TASK: Could you please retype all of the records exactly, skipping any pictures?

PROVIDED DATA:

####################

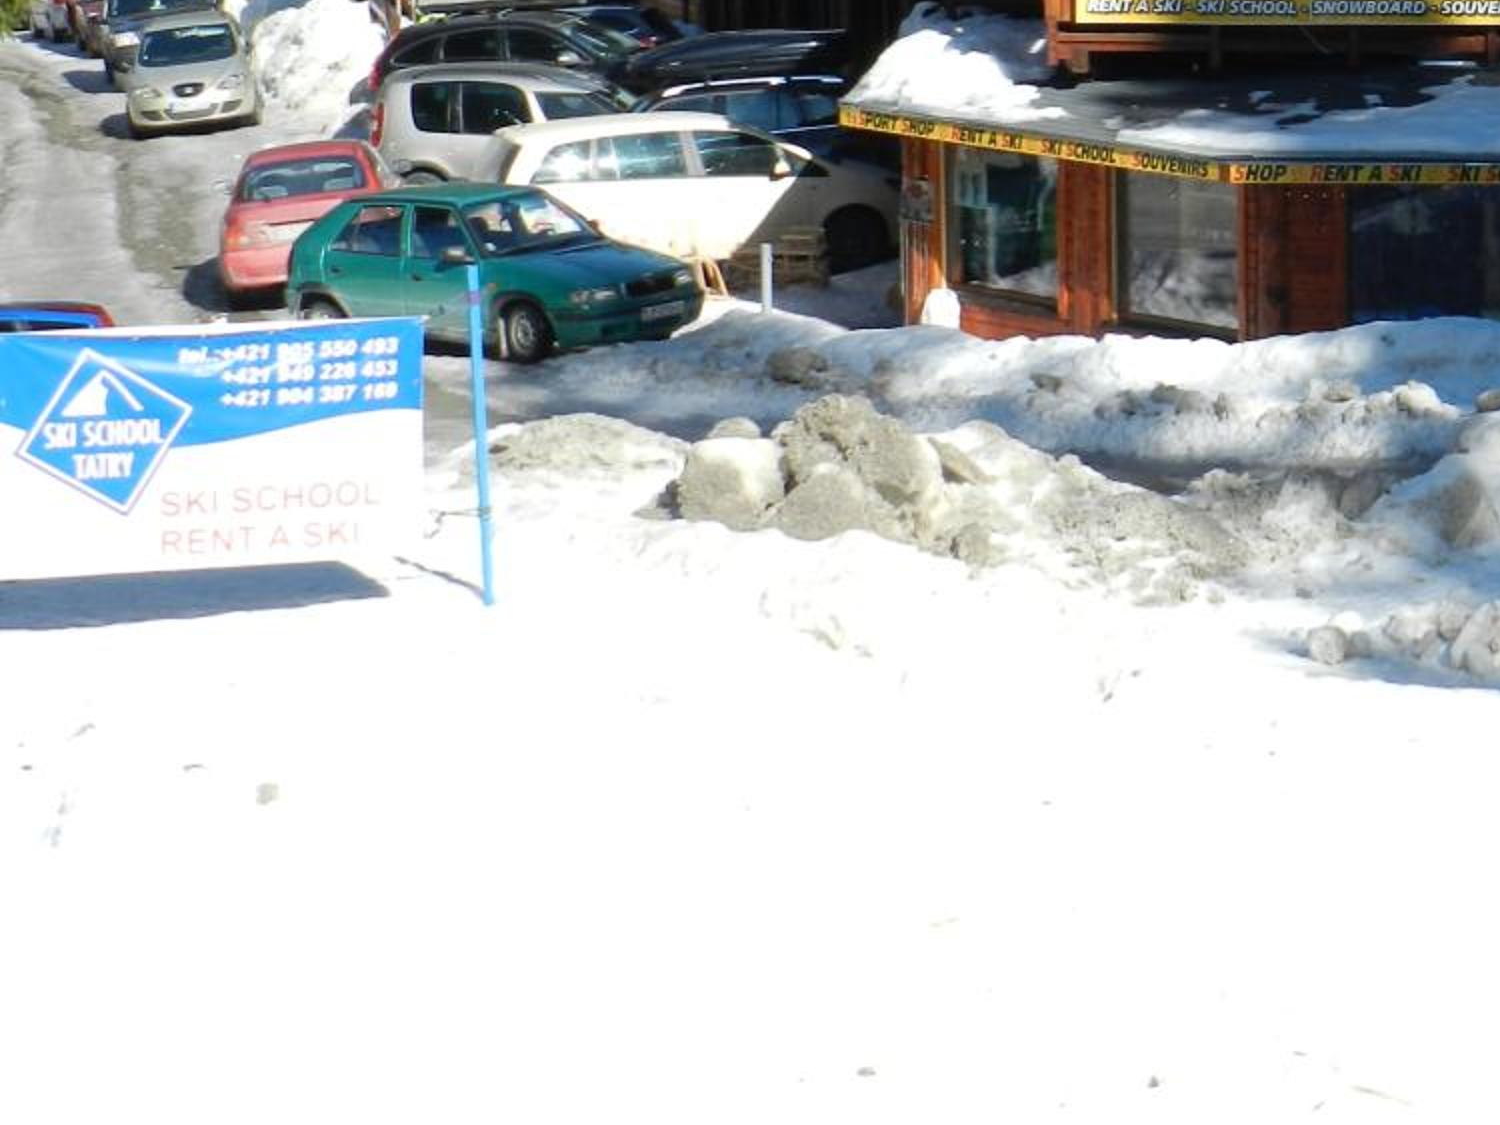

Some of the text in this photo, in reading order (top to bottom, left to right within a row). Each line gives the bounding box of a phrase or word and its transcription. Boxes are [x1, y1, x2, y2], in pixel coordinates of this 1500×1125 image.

[1311, 0, 1426, 16] SNOWBOARD
[856, 111, 1209, 177] SPORT SHOP RENT A SKI SKI SCHOOL SOUVENIRS
[1233, 164, 1287, 182] SHOP
[1310, 164, 1364, 182] RENT
[1367, 165, 1383, 182] A
[1388, 164, 1423, 182] SKI
[1447, 165, 1482, 183] SKI
[43, 418, 166, 450] SKI SCHOOL
[73, 453, 133, 479] TATRY
[161, 481, 380, 517] SKI SCHOOL
[161, 522, 360, 556] RENT A SKI
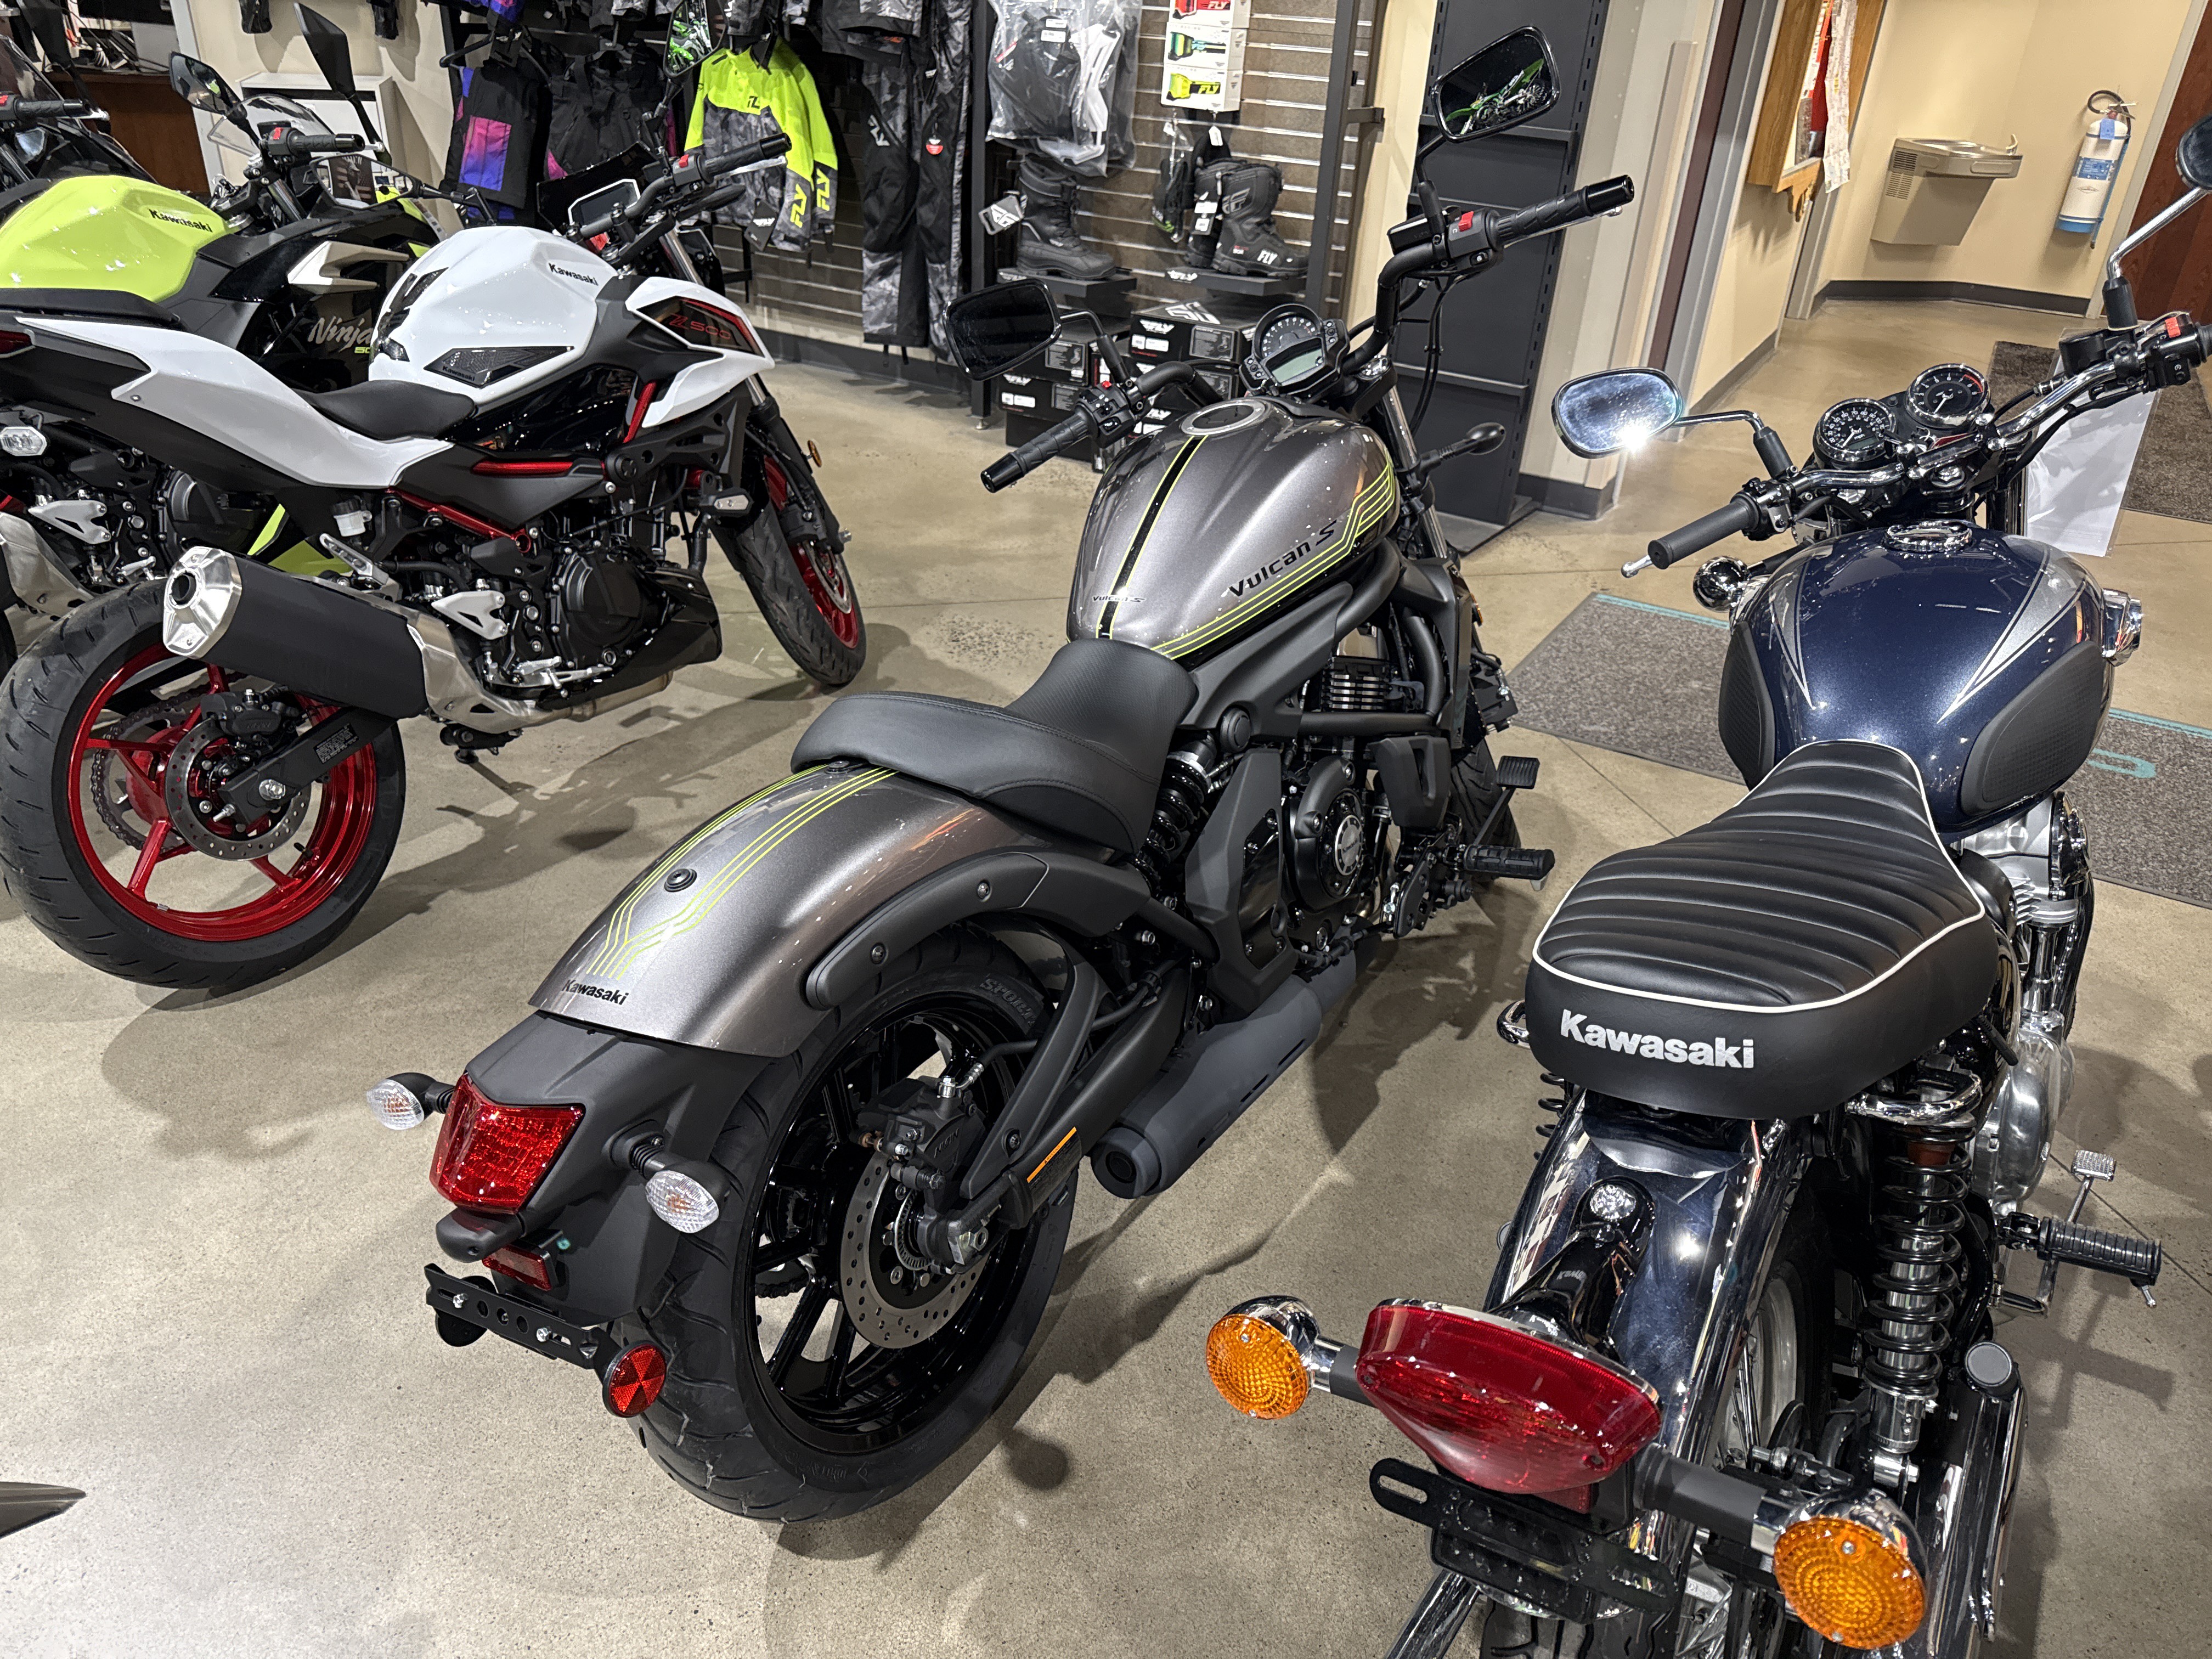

####################

ANSWER TO THIS PROBLEM:
Some of the text in this photo, in reading order (top to bottom, left to right within a row). Each line gives the bounding box of a phrase or word and its transcription. Boxes are [x1, y1, x2, y2], in pixel coordinates of this 1500×1125 image.

[1311, 0, 1426, 16] SNOWBOARD
[856, 111, 1209, 177] SPORT SHOP RENT A SKI SKI SCHOOL SOUVENIRS
[1233, 164, 1287, 182] SHOP
[1310, 164, 1364, 182] RENT
[1367, 165, 1383, 182] A
[1388, 164, 1423, 182] SKI
[1447, 165, 1482, 183] SKI
[43, 418, 166, 450] SKI SCHOOL
[73, 453, 133, 479] TATRY
[161, 481, 380, 517] SKI SCHOOL
[161, 522, 360, 556] RENT A SKI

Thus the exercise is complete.